Stuck in the desert were a group of wounded moons:
all women,
victims of Anfal.
The campaign turned the rain and the sky into strangers,
and the wind into an accomplice.
Spring too had turned its back on the victims.
God had lost control.
Non-intervention gave war the green light:
acting quickly,
it destroyed every dream the young had.
As we rushed to help,
bringing water from grandma’s well,
we saw the moon
descending barefoot
and turning itself into a tent
for the children.
3
My father then was still living;
he had a talent for drawing.
He wasn’t a city man;
he was a labourer without skills.
Every morning,
wearing a red cap,
he went looking for work.
The little money he made,
he spent on feeding his family.
One day,
he exchanged his cap for a blue one.
He had the blue cap on when he died.
4
Since 1988
all the apples die before they ripen,
the pomegranates shrivel in the dust.
That evening,
people in groups
were coming out of their cages,
but there was no water,
no horses.
The fortresses,
the masks,
the gigantic black rocks,
offered no protection.
5
I used to be able to understand dreams
and imagine a lot.
Now nature is too fast for me.
I have settled in a good-sized village,
but I can no longer carry my things to the rooftop.
I can, however, travel—
in a child’s car—
and if my flowers are taken ill,
I can get help.
But here is not home:
the pear tastes so different;
doves do not gather near schools.
6
Last night,
I was getting ready for a trip
with two of my constant companions:
wind and luck.
My kite was up in the sky,
leaving the birds behind
and promising new beginnings.
But opening new windows is no longer for me.

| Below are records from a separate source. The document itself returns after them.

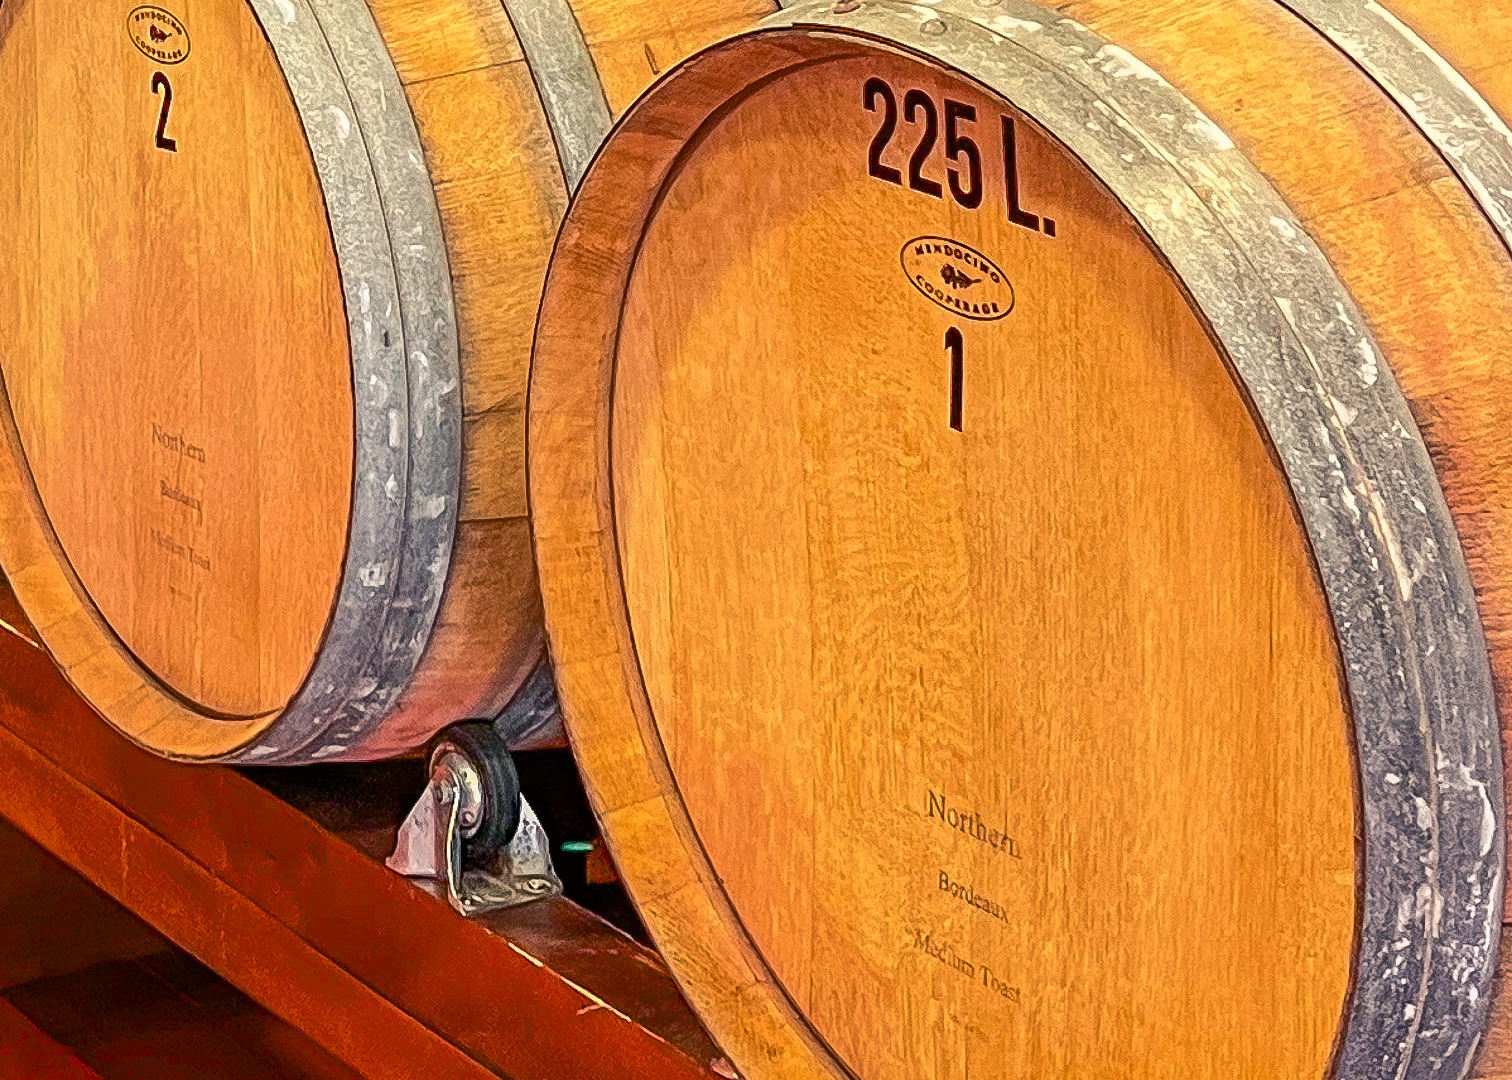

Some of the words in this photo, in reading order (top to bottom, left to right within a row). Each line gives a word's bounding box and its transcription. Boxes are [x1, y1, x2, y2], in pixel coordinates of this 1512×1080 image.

[150, 69, 178, 154] 2
[862, 76, 984, 211] 225
[999, 113, 1057, 239] L.
[943, 324, 965, 434] 1
[926, 788, 1024, 861] Northern
[938, 869, 1010, 925] Bordeaux
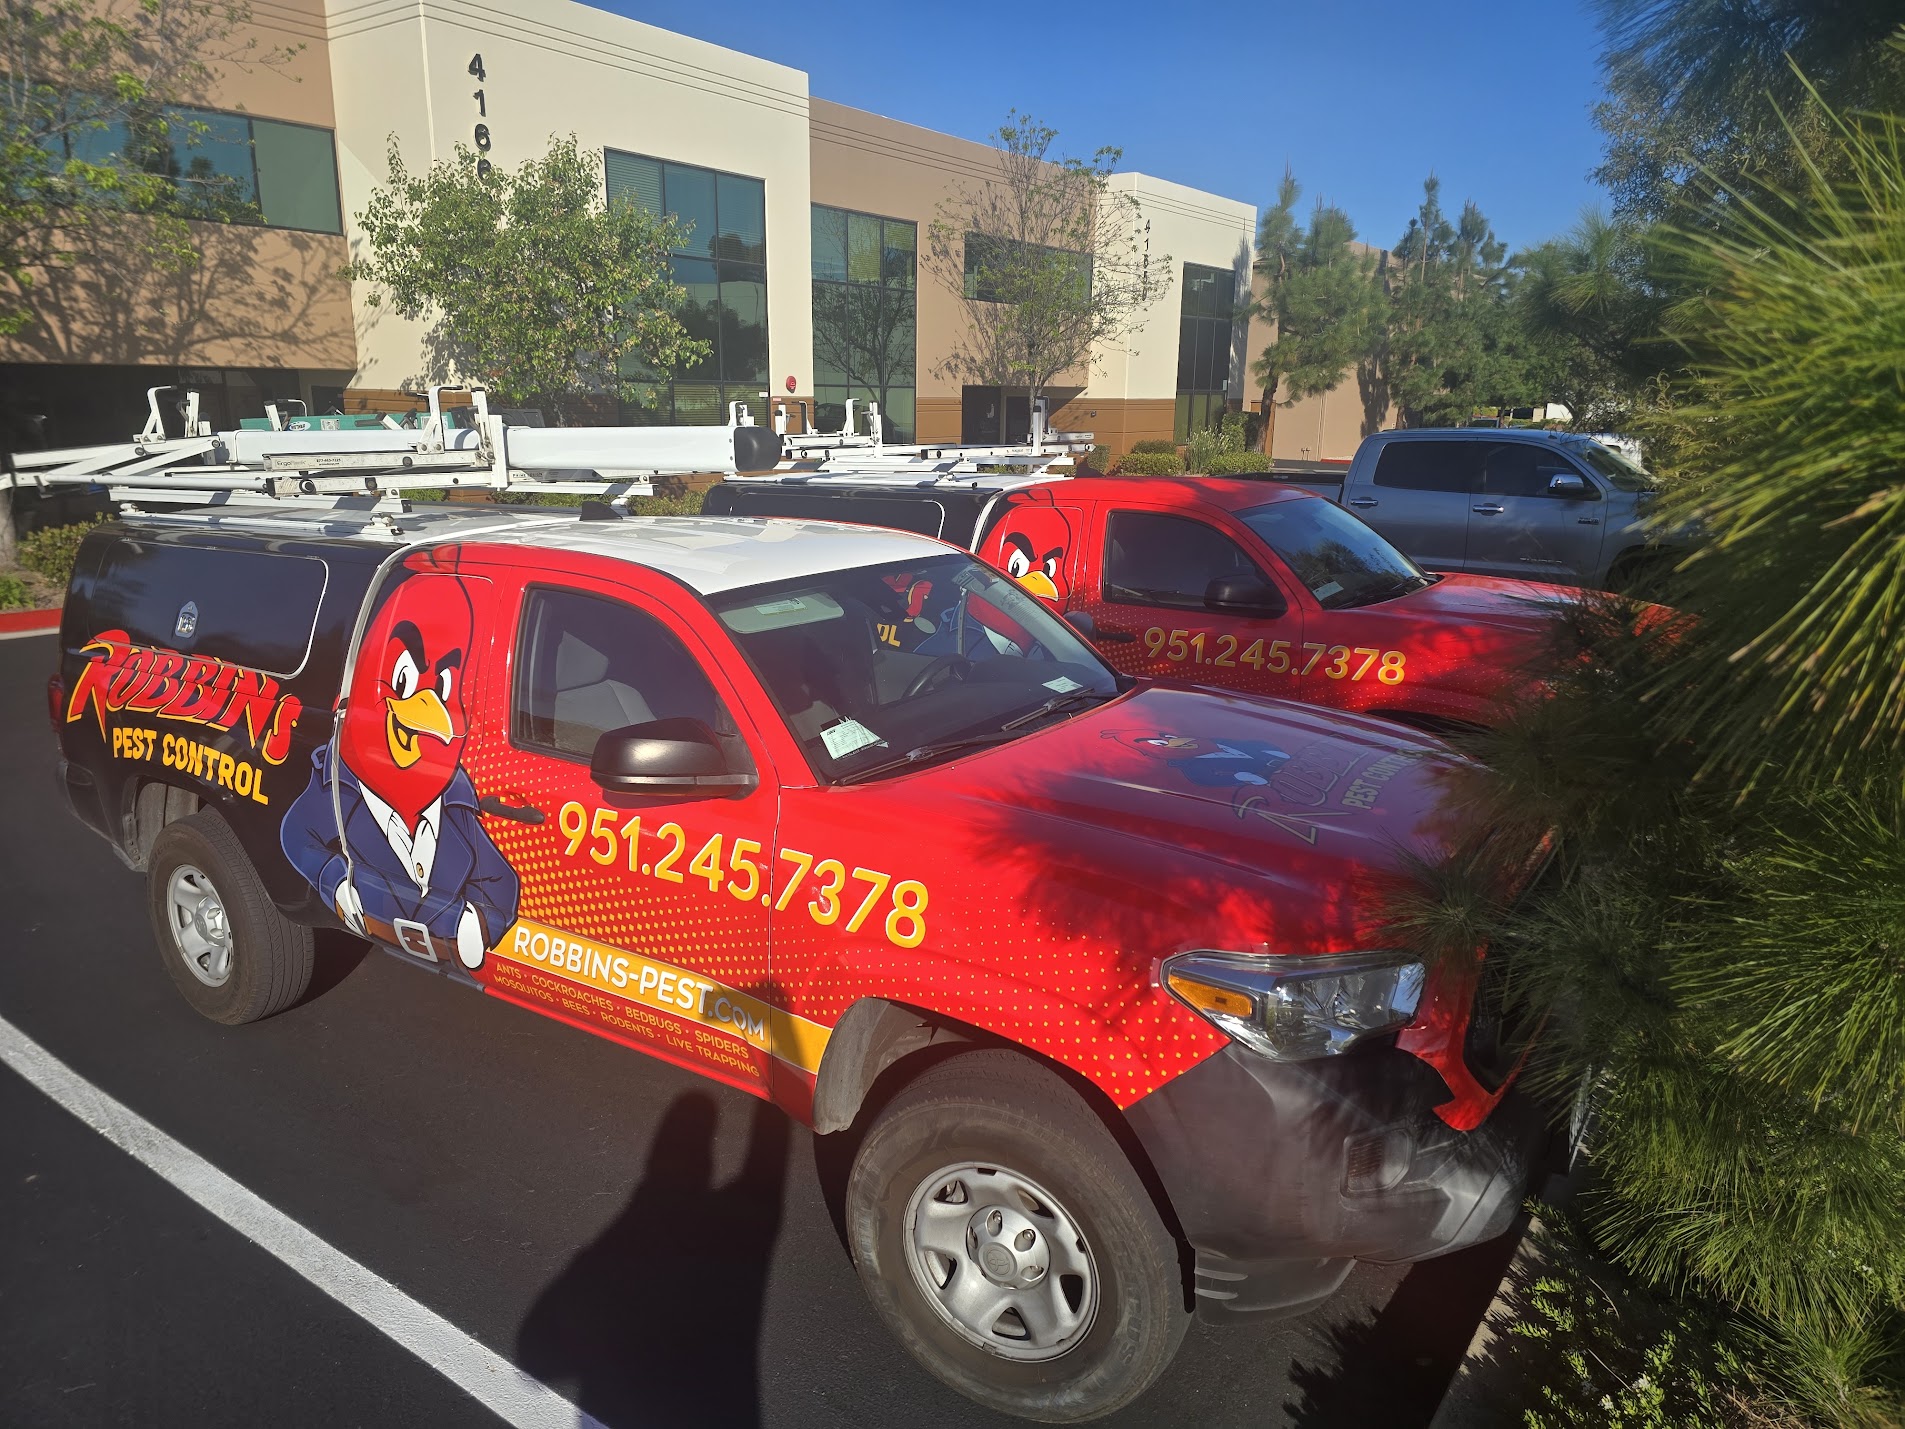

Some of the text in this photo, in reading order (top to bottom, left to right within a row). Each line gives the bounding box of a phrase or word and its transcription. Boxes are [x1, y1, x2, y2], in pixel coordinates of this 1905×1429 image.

[66, 629, 303, 766] ROBBINS
[1144, 626, 1407, 685] 951.245.7378
[112, 727, 269, 806] PEST CONTROL
[1341, 748, 1424, 810] PEST CONTRO
[559, 801, 929, 949] 951.245.7378
[493, 974, 760, 1078] MOSQUITOS BEES RODENTS LIVE TRAPPING
[496, 962, 749, 1060] ANTS COCKROACHES BEDBUGS SPIDERS
[514, 926, 765, 1042] ROBBINS-PEST.COM

Even the ladybugs didn’t like to remain on my fingers;
they all flew away east,
towards my uncle’s home.
I remember long ago
poetry coming to me
wearing a shirt made of water,
and sandals decorated with pearls,
asking me to make myself more visible.
I remember saying,
“No, I prefer a place where I can hide,
where I can sleep in peace and quiet,
where I can write poetry
without any control over my imagination.”
Smart Poems II
1
Our conscience
has fallen asleep
on a chair.
2
The migrating birds spread their shadows above us,
but we only let them land in thorny fields.
3
There,
the rain always
reveals the sky’s secrets.
4
The spiders
were bu
ilding their webs
on half-ruined doors.
5
I have never allowed war,
otherwise known as growing up,
to spoil my childhood’s water bowl.
…
8
After we let the wind be the custodian of our past,
we made friends with stones;
that’s how we learned to be lazy.
9
The photos
in science books
stare at us—
blankly.
10
The birds
and
the hawks
changed the mood of the sky.
War
1
The war
ruined my morning,
threw my book into the sea,
and left me thinking about exile.
The war
forced me to end my evening game.
It left my imagination leafless
and landed me in the wilderness.
It even confused history.
2
The war
works like a lottery,
even though it is guided by ideology.
3
I have been behind locked doors
for a long, long time,
confused and irritated,
finding comfort
neither in hope nor in dreams.
4
It’s one war after another.
I am still hoping for that day to come
when in the evening I can put my weapon away
and sleep all night without worry.
Hello Exile
The women of my country
have become inseparable from the cemetery.
The keys were poisonous:
poison above,
poison below,
poison in the blood,
poison in the imagination.
We were small to begin with;
now we’ve become even smaller,
and more confused.
My country,
war has left you without gardens.
The young are jumping to their deaths.
The old are too old for walking sticks.
Your doors are always open,
but your windows are always shut.
There was a time when people grew wheat
built beautiful homes
went to the mountains
made music
organized festivals
and eliminated bad odours.
To exile,
we take with us
two eyes, one heart, and one soul.
When we return
we bring back thousands of eyes and thousands of hearts,
but we return with deeply troubled souls.
We plant trees in exile;
we socialize,
but only loneliness filters through our imagination.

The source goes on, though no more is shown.